Microsoft To Do is free and built into the Microsoft ecosystem. Super Productivity is a free, open-source Microsoft To Do alternative built for developers. Here is how they compare on features, privacy, and workflow fit.

· Johannes Millan  · 4 min read

Microsoft To Do vs Super Productivity: Full Comparison

Microsoft To Do is a free, cloud-based task manager tightly integrated with Microsoft 365. Super Productivity is a free, open-source, local-first task manager built for developers and deep work. Both are free, but they serve different needs.

This comparison covers features, privacy, integrations, and workflow fit to help you decide which one matches how you actually work. For a broader comparison, see our Best To-Do Apps for Developers or the Developer Productivity Guide for workflow context.

Privacy & open-source verdict

Who owns your data?

CriterionSuper ProductivityMicrosoft To Do
Open sourceYes – MIT licenseNo – proprietary
Local-first storageYes – data on your deviceNo – Microsoft cloud
TelemetryNoneMicrosoft telemetry (diagnostic data)
User-managed E2EEBYO encryption via sync providerNo – server-side encryption, Microsoft holds keys
Self-hosted / BYO syncYes – WebDAV, Dropbox, or local fileNo – Microsoft account required

Verify yourself: source code · privacy policy · code signing

TL;DR: Which one fits your workflow?

  • Microsoft To Do: Best if you live in the Microsoft ecosystem (Outlook, Teams, Planner) and need simple lists with cloud sync.

  • Super Productivity: Best if you need time tracking, Jira/GitHub integration, API/plugin extension points, offline privacy, and deep work features.


The Core Difference

Microsoft To Do is designed as a simple personal task list inside the Microsoft cloud. It replaces Wunderlist (which Microsoft acquired and shut down) and integrates tightly with Outlook tasks, Microsoft Planner, and Teams.

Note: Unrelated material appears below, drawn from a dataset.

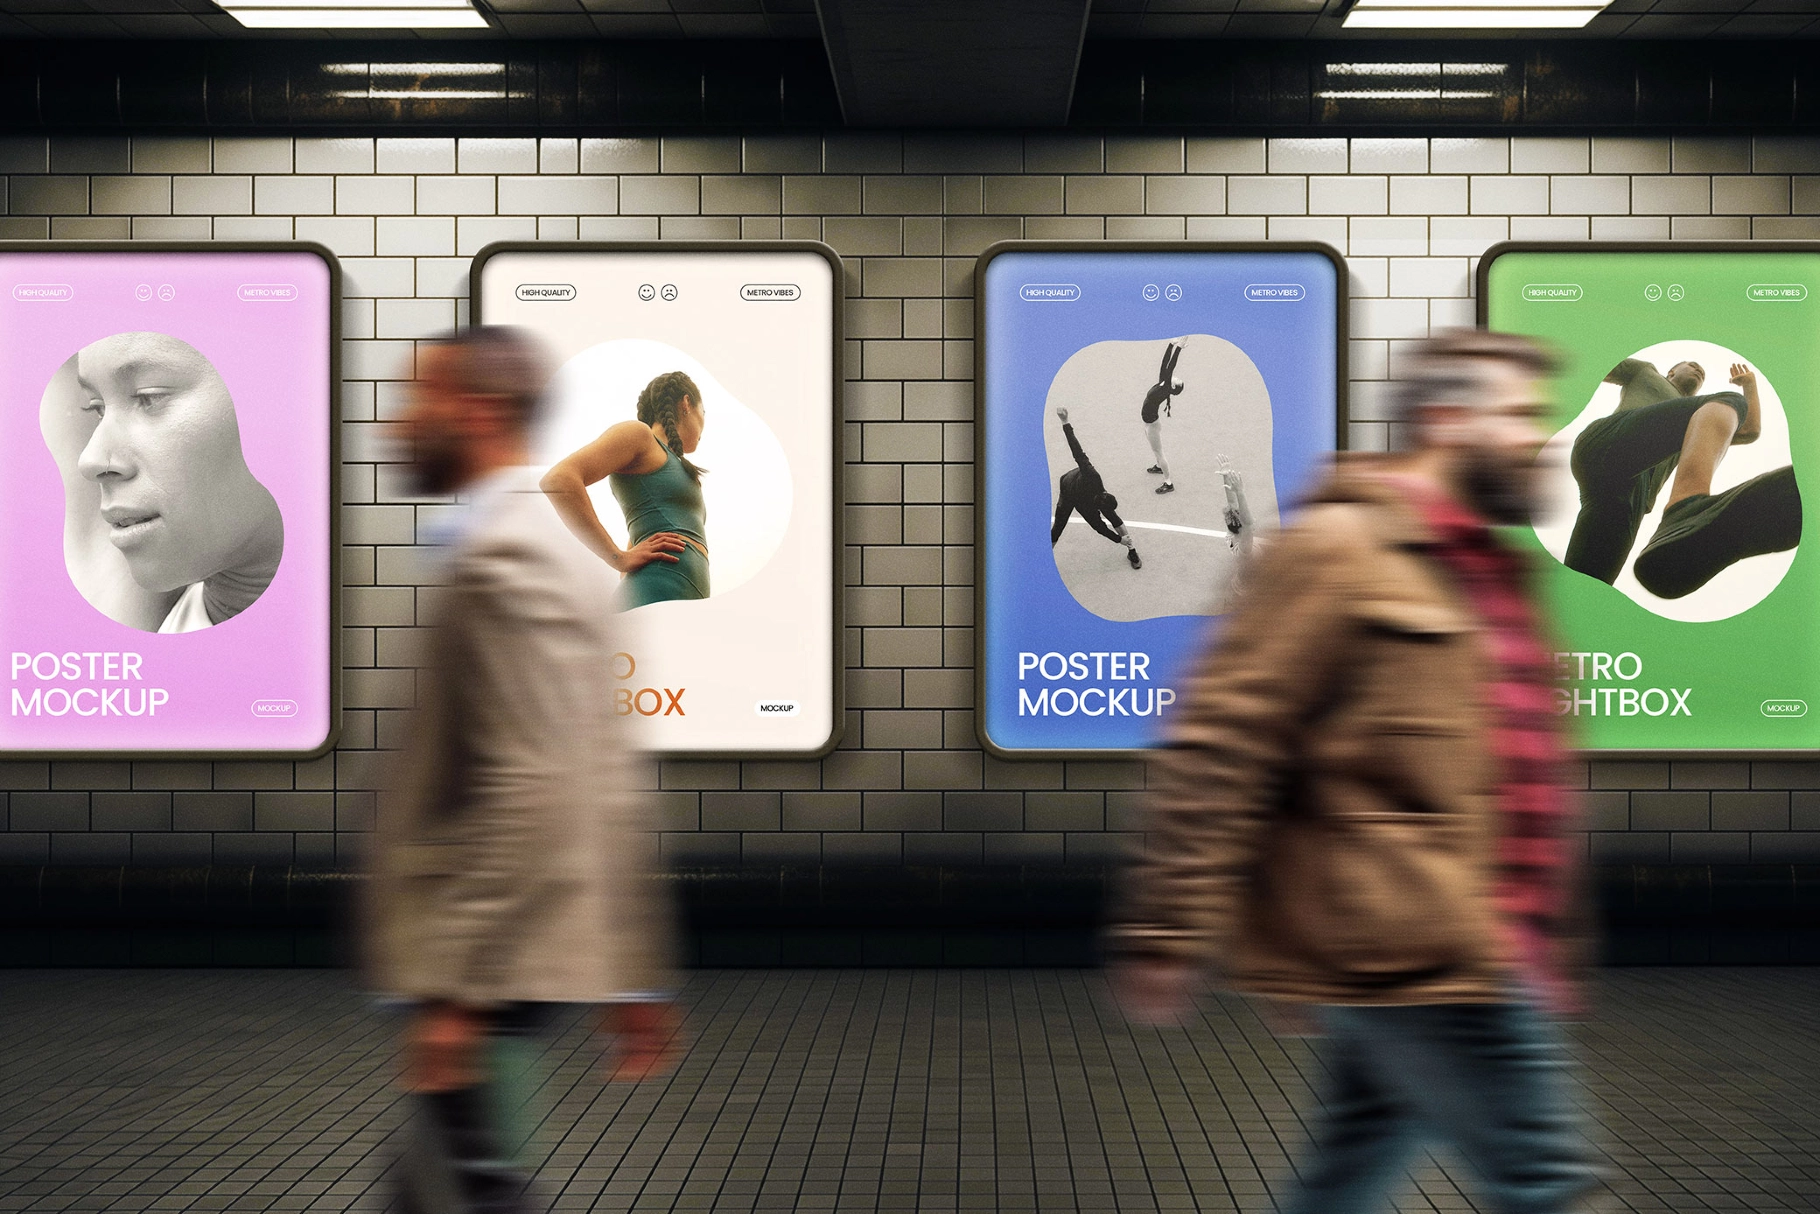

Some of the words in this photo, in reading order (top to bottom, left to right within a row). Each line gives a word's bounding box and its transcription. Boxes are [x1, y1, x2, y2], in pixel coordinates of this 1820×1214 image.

Super Productivity is designed as a developer-focused productivity workstation. It combines task management with time tracking, Pomodoro timers, issue tracker integration, REST API and plugin extension points, and focus features — all running locally on your device.


Feature Comparison

FeatureMicrosoft To DoSuper Productivity
PriceFreeFree (open source, MIT)
PlatformWindows, macOS, iOS, Android, WebWindows, macOS, Linux, Android, iOS, Web
Data storageMicrosoft cloudLocal device (offline-first)
Time trackingNoYes (built-in)
Pomodoro timerNoYes
Focus modeNoYes
Eisenhower MatrixNoYes
Jira integrationNoYes
GitHub/GitLab integrationNoYes
Outlook/Teams integrationYes (native)No
CalDAV supportNoYes
Shared listsYes (personal and work accounts)No (personal only)
Recurring tasksYesYes
Linux supportNo (web/PWA only)Yes (native)
Offline supportLimitedFull
Open sourceNoYes
Self-hosted syncNoYes (WebDAV/local file sync, or Super Sync if you choose the hosted service)

Task Management

Microsoft To Do offers clean, simple lists with My Day planning, smart lists (Planned, Important, Assigned to Me), and Outlook task sync. It’s intuitive and lightweight — but intentionally minimal. There are no projects, no boards, no workspaces.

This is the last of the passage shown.